* **DIRECTIONS**: Return the entries below in full. Keep every word as it is.

[Free-text object descriptions]
*** Block opens ***
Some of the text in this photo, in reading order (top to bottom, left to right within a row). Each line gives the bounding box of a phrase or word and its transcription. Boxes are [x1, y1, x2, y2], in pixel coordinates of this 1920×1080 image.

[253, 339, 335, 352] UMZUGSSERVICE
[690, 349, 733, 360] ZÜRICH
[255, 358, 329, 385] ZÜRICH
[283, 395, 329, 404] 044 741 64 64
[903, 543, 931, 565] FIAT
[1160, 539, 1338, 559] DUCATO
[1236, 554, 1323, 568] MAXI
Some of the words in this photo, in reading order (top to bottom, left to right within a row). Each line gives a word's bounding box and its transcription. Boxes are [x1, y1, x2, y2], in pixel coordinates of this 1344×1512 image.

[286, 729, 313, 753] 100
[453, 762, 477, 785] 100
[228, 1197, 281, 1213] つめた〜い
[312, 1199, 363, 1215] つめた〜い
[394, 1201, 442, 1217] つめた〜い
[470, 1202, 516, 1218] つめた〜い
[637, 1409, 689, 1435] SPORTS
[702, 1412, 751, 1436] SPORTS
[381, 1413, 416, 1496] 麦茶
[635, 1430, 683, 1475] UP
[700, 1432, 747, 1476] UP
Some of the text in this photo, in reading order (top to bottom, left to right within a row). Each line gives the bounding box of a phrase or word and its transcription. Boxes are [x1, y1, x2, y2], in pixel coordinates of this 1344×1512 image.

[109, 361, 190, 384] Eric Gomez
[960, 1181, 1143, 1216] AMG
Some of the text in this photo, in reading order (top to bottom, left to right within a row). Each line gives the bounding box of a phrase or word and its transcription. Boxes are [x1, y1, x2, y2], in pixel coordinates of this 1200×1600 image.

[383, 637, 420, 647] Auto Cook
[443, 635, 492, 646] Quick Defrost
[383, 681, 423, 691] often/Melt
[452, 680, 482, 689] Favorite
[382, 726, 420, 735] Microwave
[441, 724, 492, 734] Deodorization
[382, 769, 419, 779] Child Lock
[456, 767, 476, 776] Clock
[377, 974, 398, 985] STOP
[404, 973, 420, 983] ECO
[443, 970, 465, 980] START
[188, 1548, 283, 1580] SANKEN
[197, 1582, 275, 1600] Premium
*** Block closes ***
* **WRITTEN SOLUTION**:
Some of the text in this photo, in reading order (top to bottom, left to right within a row). Each line gives the bounding box of a phrase or word and its transcription. Boxes are [x1, y1, x2, y2], in pixel coordinates of this 1920×1080 image.

[253, 339, 335, 352] UMZUGSSERVICE
[690, 349, 733, 360] ZÜRICH
[255, 358, 329, 385] ZÜRICH
[283, 395, 329, 404] 044 741 64 64
[903, 543, 931, 565] FIAT
[1160, 539, 1338, 559] DUCATO
[1236, 554, 1323, 568] MAXI
Some of the words in this photo, in reading order (top to bottom, left to right within a row). Each line gives a word's bounding box and its transcription. Boxes are [x1, y1, x2, y2], in pixel coordinates of this 1344×1512 image.

[286, 729, 313, 753] 100
[453, 762, 477, 785] 100
[228, 1197, 281, 1213] つめた〜い
[312, 1199, 363, 1215] つめた〜い
[394, 1201, 442, 1217] つめた〜い
[470, 1202, 516, 1218] つめた〜い
[637, 1409, 689, 1435] SPORTS
[702, 1412, 751, 1436] SPORTS
[381, 1413, 416, 1496] 麦茶
[635, 1430, 683, 1475] UP
[700, 1432, 747, 1476] UP
Some of the text in this photo, in reading order (top to bottom, left to right within a row). Each line gives the bounding box of a phrase or word and its transcription. Boxes are [x1, y1, x2, y2], in pixel coordinates of this 1344×1512 image.

[109, 361, 190, 384] Eric Gomez
[960, 1181, 1143, 1216] AMG
Some of the text in this photo, in reading order (top to bottom, left to right within a row). Each line gives the bounding box of a phrase or word and its transcription. Boxes are [x1, y1, x2, y2], in pixel coordinates of this 1200×1600 image.

[383, 637, 420, 647] Auto Cook
[443, 635, 492, 646] Quick Defrost
[383, 681, 423, 691] often/Melt
[452, 680, 482, 689] Favorite
[382, 726, 420, 735] Microwave
[441, 724, 492, 734] Deodorization
[382, 769, 419, 779] Child Lock
[456, 767, 476, 776] Clock
[377, 974, 398, 985] STOP
[404, 973, 420, 983] ECO
[443, 970, 465, 980] START
[188, 1548, 283, 1580] SANKEN
[197, 1582, 275, 1600] Premium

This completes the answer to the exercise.